待機児童問題の緊急対策案に大きな疑問/高橋コラム

2016/03/30

待機児童問題について、政府がこの度発表した、緊急対策案はほぼ的外れです。あくまで「緊急対策」なので、完璧を求めることはできないかもしれませんが、それにしても小手先だけの施策のように思います。

今回の緊急対策の一部ですが、
・保育コンシェルジュの配置
・企業主導型保育事業の積極的展開
・改修費支援の拡充
・小規模認可保育所の定員数の上限を19人から22人に
などがありますが、待機児童問題の根本はそういうことではありません。

育児助成金白書を更新してくれるママに元保育士さんがいらっしゃるので、現役保育士・OB保育士計5名で座談会を開きました。その中で、OB保育士さんに辞めた理由を聞いたところ、皆口にしたのが給与の低さでした。

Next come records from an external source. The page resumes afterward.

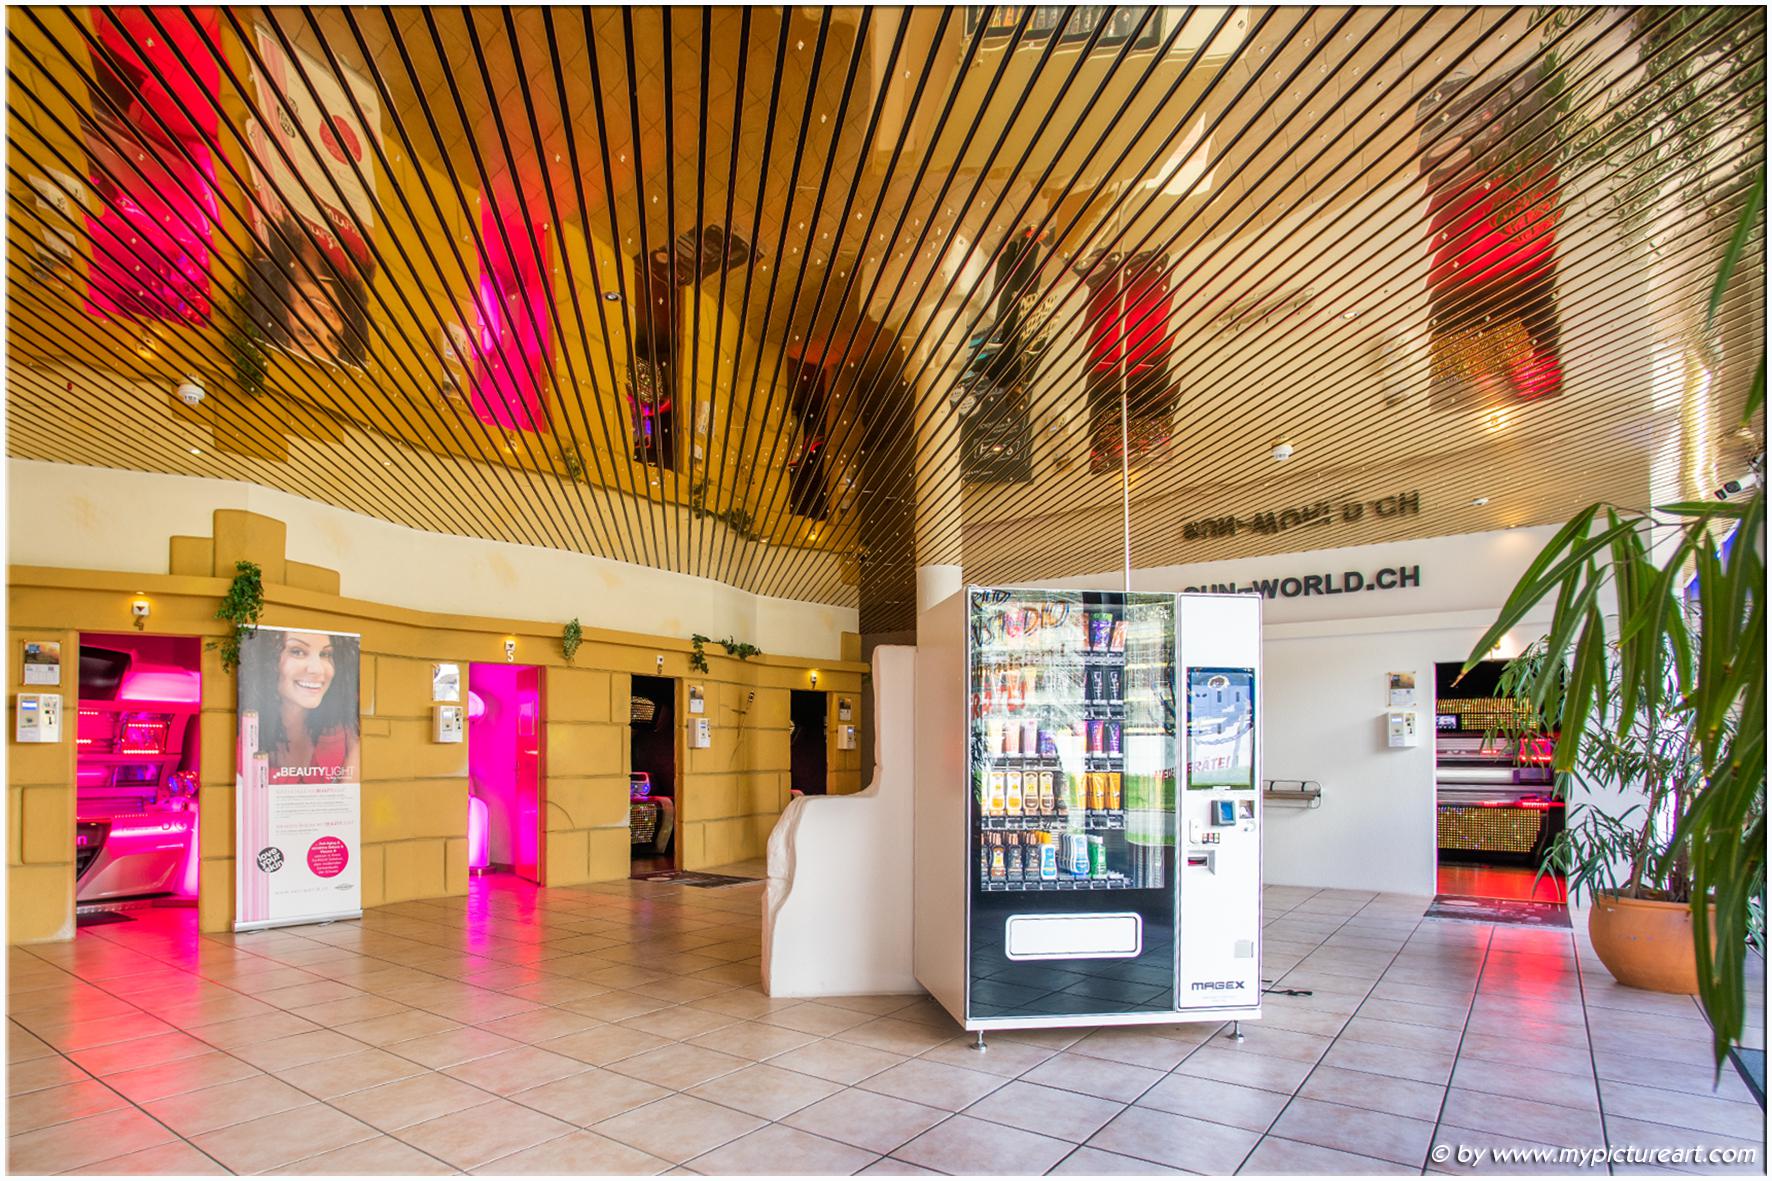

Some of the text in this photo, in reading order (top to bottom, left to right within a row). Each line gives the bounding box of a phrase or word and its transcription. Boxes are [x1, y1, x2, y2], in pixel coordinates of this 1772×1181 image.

[1183, 565, 1420, 599] -WORLD.CH
[507, 650, 514, 662] 5
[280, 766, 355, 777] BEAUTYLIGHT
[257, 848, 278, 862] love
[260, 852, 282, 870] your
[1191, 981, 1245, 991] MAGEX

「給与は月16万円。毎朝5時に起きて、帰りは21時。ひとり暮らしでギリギリの生活でした。他の仕事に就いて、こんなにも楽に給料が稼げるのかと驚きました。」

「園に行って、午前は園児と散歩。寝かしつけて、保育日誌。見送ってイベントの準備。家に帰って折り紙したり、画用紙で色々作ったり。副業もできなかった。」

私は待機児童問題の根本は、保育士の収入不足と社会的地位の低さにあると考えます。今まで、保育士は人気の職業でした。ただ、いざ保育士になってみると非常に過酷な職業。言葉の通じない、次に何をするか分からない子供達を何人も見るのですから、安易に想像できるでしょう。そのうえ、給与も低いのです。

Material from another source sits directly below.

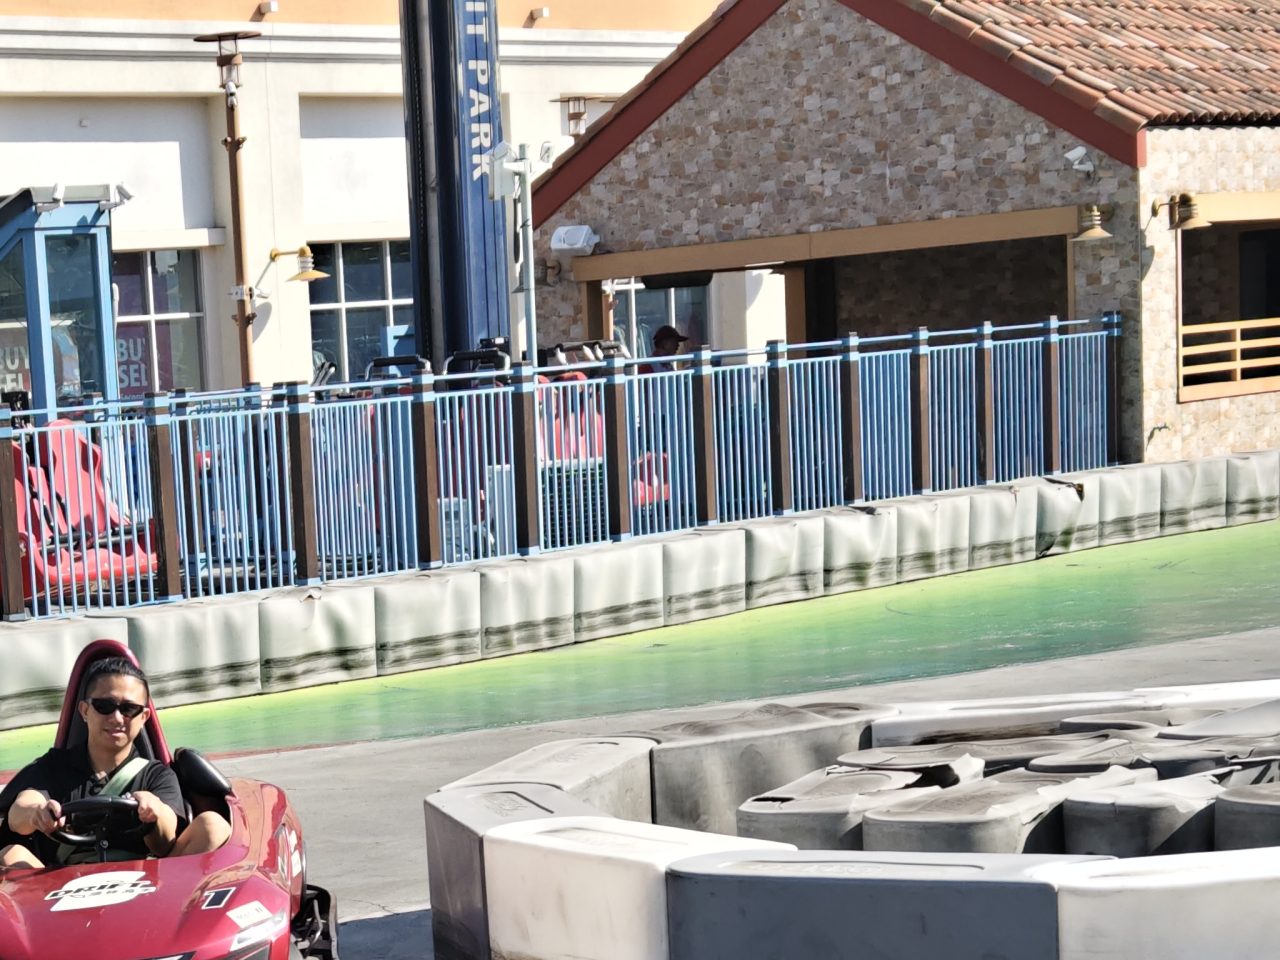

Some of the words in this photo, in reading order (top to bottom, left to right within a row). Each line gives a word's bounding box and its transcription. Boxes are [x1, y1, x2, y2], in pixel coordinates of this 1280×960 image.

[468, 60, 494, 182] PARK
[117, 337, 146, 361] BU
[49, 881, 145, 899] DRIFT
[201, 887, 237, 910] 1

保育士は、国の宝である子供達を育てる、とても大切な職業です。国は保育士の母性にかまけて、今まで蔑(ないがし)ろにしてきたとしか言いようがありません。(男性の保育士もいますが・・)

ただ、その理由は若者世代にもあります。少し脱線しますが、若者は選挙の際、票を投じません。なので、党は選挙対策として、介護などの補助金政策を積極的に行ってきました。票になりますからね。この間も3万円ばら撒きがニュースになっていましたが、そういうことです。育児世代が、しっかり選挙に行くことはとても大切な事なのです。

話を戻しますと、あるお母さんの匿名ブログ「保育園落ちた。日本死ね!」から始まり、夏の参院選も控えている事から、この機会にぜひ政府には、保育士の収入を月25万円以上にしていただきたい。保育園への補助ではなく、直接保育士に!有能な人物が保育士にならない国になってしまっては、先はありません。ぜひ、問題を根本から解決する対策をお願いしたいものです。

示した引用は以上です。